The strength of this project was that I was able to use acoustical and visual recordings which confirmed each other to map out how the Mach stem developed as it propagated away from the explosion. However, there were several methods that, if I were to repeat the experiment, would do better. This was our first attempt at high speed video recording, and even with the signal processing techniques used, it was still difficult to see the shock wave in the video. There are more advanced techniques such as Schleiren imaging that could yield much clearer results that we could implement in the future.
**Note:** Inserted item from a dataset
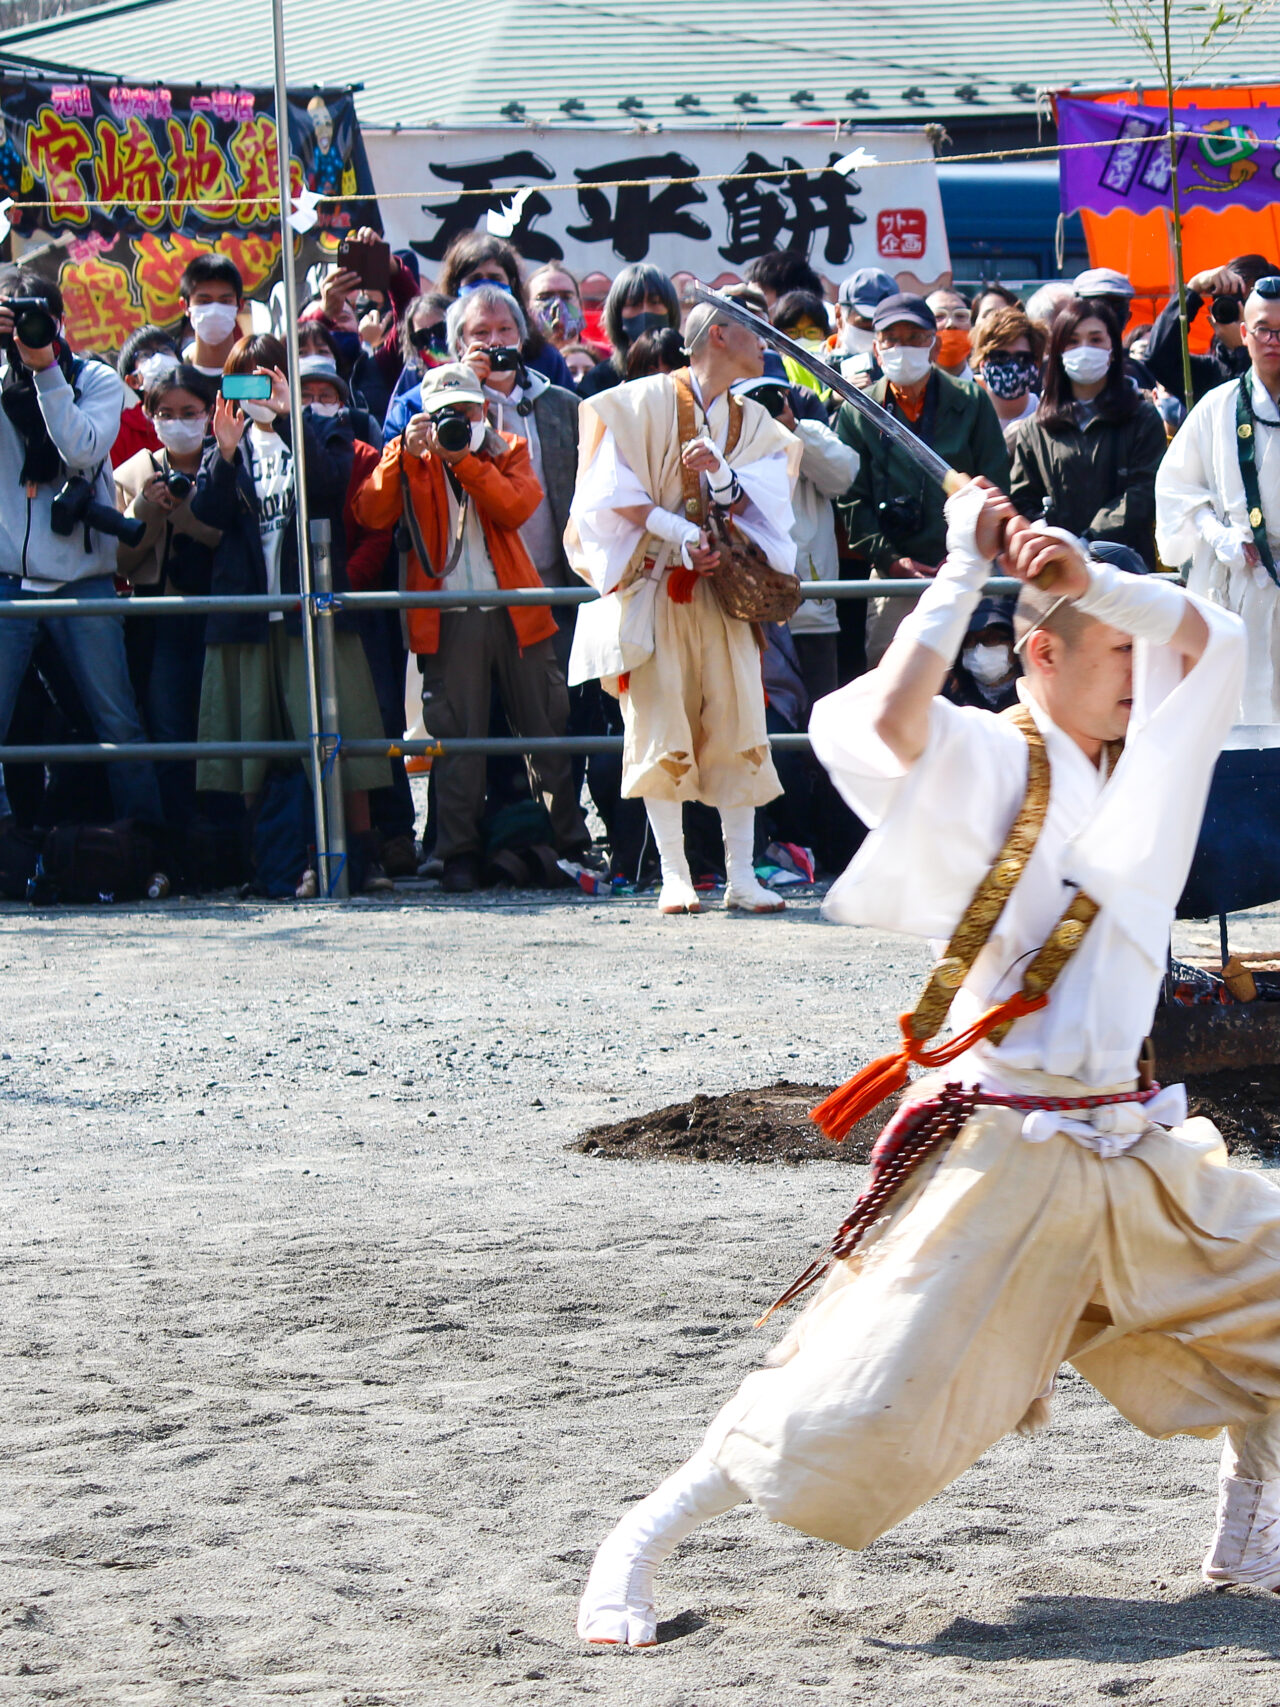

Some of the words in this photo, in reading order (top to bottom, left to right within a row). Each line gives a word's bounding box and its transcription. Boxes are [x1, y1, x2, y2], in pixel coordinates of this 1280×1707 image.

[26, 106, 303, 231] 宮崎地鶏
[409, 150, 867, 265] 五平餅
[881, 232, 922, 253] 企画
To see the full explanation and analysis that was completed, see the paper that we published as a result of this project, called “Mach stem formation in outdoor measurements of acoustic shocks”.i
Figure 1 ) Mach-stem experiment setup with 1) gas-filled balloon in its metal cradle at z = 1.8 m; 2) two reference pressure gauges at 1.35 and 1.27 m; 3) vertical array of GRAS pressure microphones; 4) pressure probe attached to adjustable boom arm; 5) Phantom high-speed camera; 6) high-contrast checkerboard backdrop; 7) Line of propagation (x-axis). (Inset) balloon explosion.
Figure 2) Three frames of the processed high speed video. The shocks can be seen propagating from the left to the right with the reflected shock starting to merge with the incident shock to create the “Y” pattern of a Mach stem.